Non satisfait avec les nouvelles tactiques qui font pression sur les victimes, le groupe de cybercriminels Darskide a évolué avec DarkSide Leaks, un site Web d’apparence professionnelle qui ressemble à celui d’un fournisseur de services en ligne et utilise des techniques de marketing traditionnelles. Voici cinq exemples qui illustrent le mieux la transformation de ce groupe criminel clandestin en une entreprise.
1. Liens avec les médias
Les entreprises légales fournissent toujours un centre de presse ou un espace médiatique. Les cybercriminels de DarkSide ont fait de même en publiant des articles à propos de fuites de données qui auront lieu dans le futur et laissant les journalistes poser des questions dans leur centre de presse.
Du moins, c’est ce qu’ils disent. En réalité, le but de DarkSide est de faire le buzz sur Internet. Un intérêt plus poussé de la part des médias peut mener à une plus grande peur de DarkSide, ce qui signifie que la prochaine victime aura plus tendance à payer qu’à causer des problèmes.
2. Partenariats entre entreprises de chiffrement
Les extorqueurs de DarkSide recherchent des partenaires dans les entreprises qui fournissent des services légitimes de déchiffrement de données. La raison la plus évidente est que certaines victimes n’ont pas leur propre département de sécurité de l’information et dépendent d’experts externes pour déchiffrer leurs données. DarkSide propose les services de tels experts de support technique et des rabais selon la charge de travail.
Le subterfuge devrait sauter aux yeux ici. Les escrocs ne cherchent pas des victimes qui ne savent pas décrypter les données, mais une grande somme d’argent. Les entreprises qui appartiennent à l’État peuvent se voir interdire toute négociation avec les extorqueurs, mais elles sont cependant libres de travailler avec les entreprises qui fournissent des services de déchiffrement.

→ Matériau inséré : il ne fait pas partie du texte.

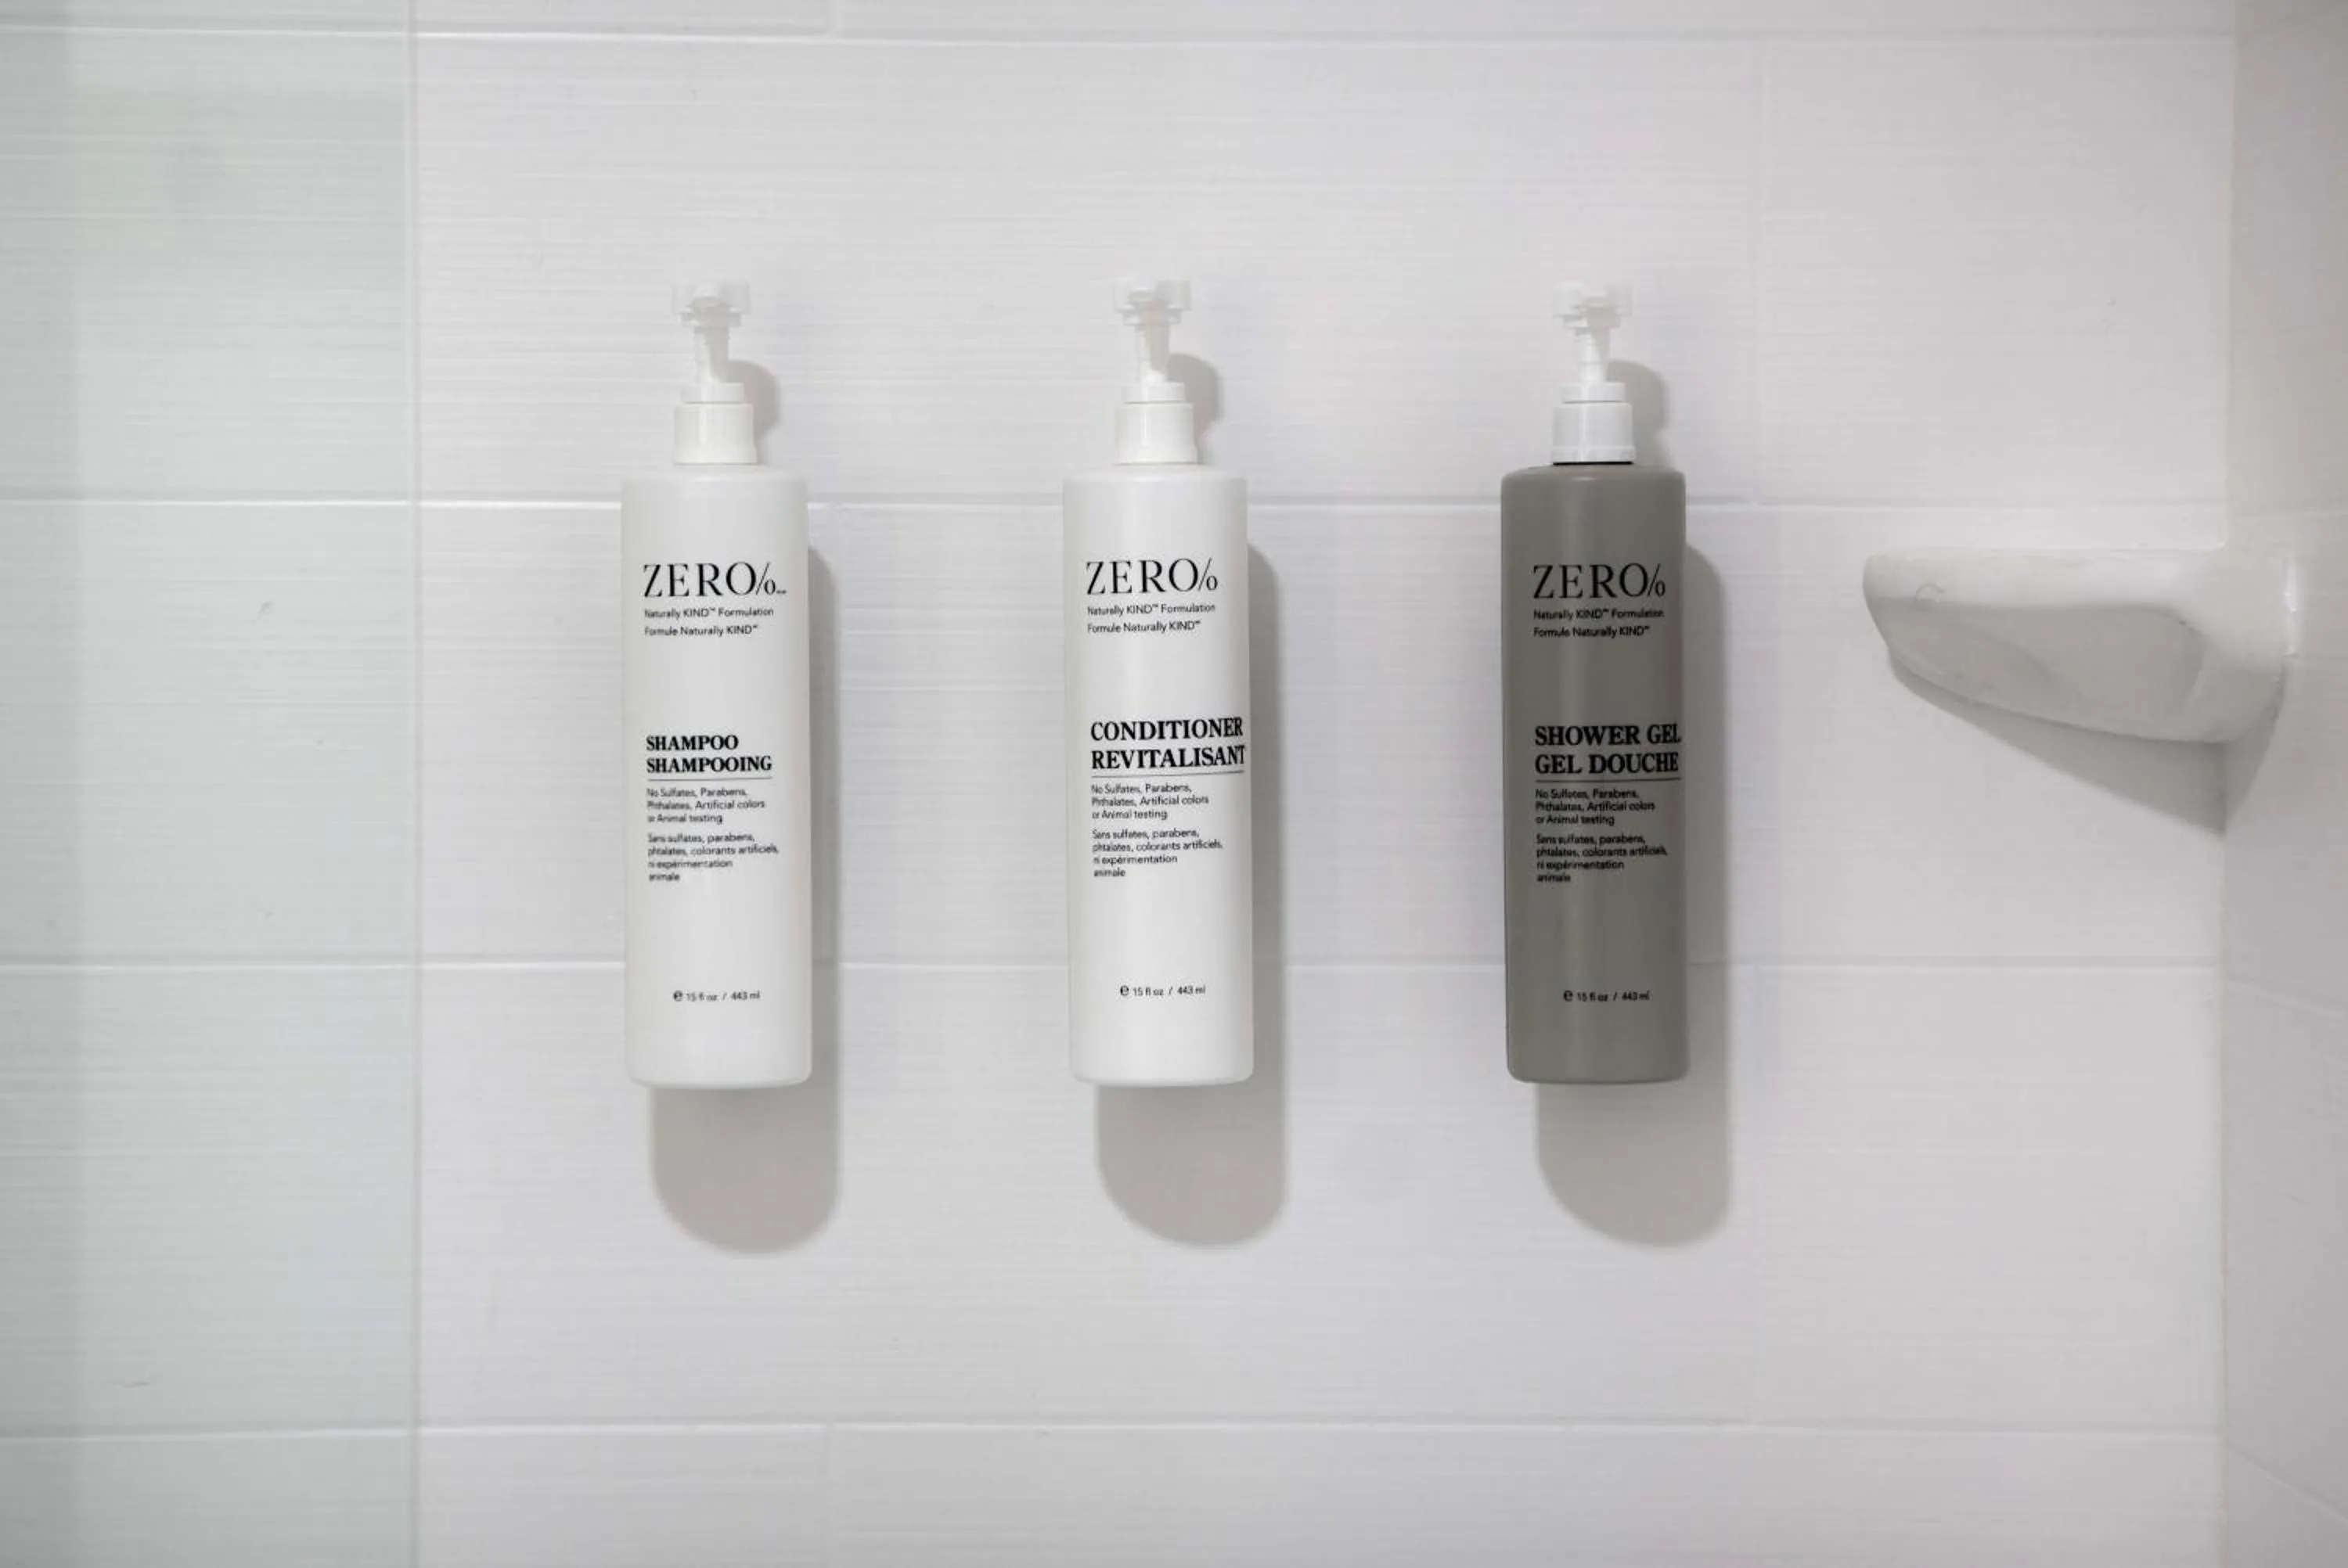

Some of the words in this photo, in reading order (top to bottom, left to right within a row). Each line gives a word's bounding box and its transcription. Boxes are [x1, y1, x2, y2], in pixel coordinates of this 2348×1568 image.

Dans ce cas, ces dernières agissent comme une sorte d’intermédiaire, prétendant restaurer les données, mais tout ce qu’elles font c’est payer les escrocs qui empochent l’argent.
3. Dons caritatifs
Les extorqueurs font des dons aux associations caritatives et ils le publient sur DarkSide Leaks. Pourquoi s’embêter ? Ce serait pour persuader les plus récalcitrants à payer la rançon en affirmant qu’une partie de l’argent sera reversée à une bonne cause.
Ici, nous avons un autre piège : certains pays, dont les États-Unis, interdisent les associations caritatives d’accepter de l’argent obtenu illégalement. En d’autres termes, ces paiements ne leur seraient jamais versés.
4. Analyse commerciale
À l’origine, il n’y avait que les criminels et quelques experts en sécurité de l’information qui pouvaient voir les données volées publiées par les opérateurs de ransomwares sur les forums de hackers. Les cybercriminels ont désormais ajouté des données et des analyses de marché et cherchent un moyen de pression parmi les contacts de l’entreprise, ses clients, partenaires et concurrents avant de publier les données volées. Ils peuvent envoyer des liens vers les fichiers volés directement aux personnes concernées. Ici encore, le but principal est d’infliger le plus de dégâts possible à la cible afin de l’inciter à payer et pour intimider les futures victimes.
5. Code moral
DarkSide Leaks possède une déclaration de principes éthiques, identique à celle que les entreprises publient sur leurs sites Internet. Ici, les cybercriminels font des allégations : celles de ne jamais s’en prendre aux entreprises médicales, funérariums, établissements éducatifs ou bien aux organisations non gouvernementales ou associations caritatives. En l’occurrence, nous ne voyons pas très bien quel est le but de cette déclaration. La victime est-elle censée se dire : « Ces gens-là s’en soucient, alors je vais les payer » ?
Un récent incident impliquant des données volées à des écoles prouve le contraire. La cible n’était pas un établissement scolaire à proprement parler, mais ce sont bien les données de l’école que les escrocs ont menacé de publier.
Ce que vous pouvez faire
Les cybercriminels ont clairement les ressources nécessaires pour investir dans l’analyse de marché, les collaborations de nature professionnelle et les organisations caritatives. Le seul moyen de les vaincre est de couper leur source de revenus, ce qui signifie :
- Ne pas payer la rançon. C’est en effet une décision audacieuse qui peut avoir certaines conséquences, mais ne pas payer est la meilleure option. Vous pouvez lire la récente publication d’Eugène Kaspersky qui vous explique pourquoi vous ne devez jamais céder ;
- Installer une solution de sécurité fiablesur tous les appareils connectés afin d’empêcher toute tentative d’attaque par ransomware avant même qu’elle ne commence.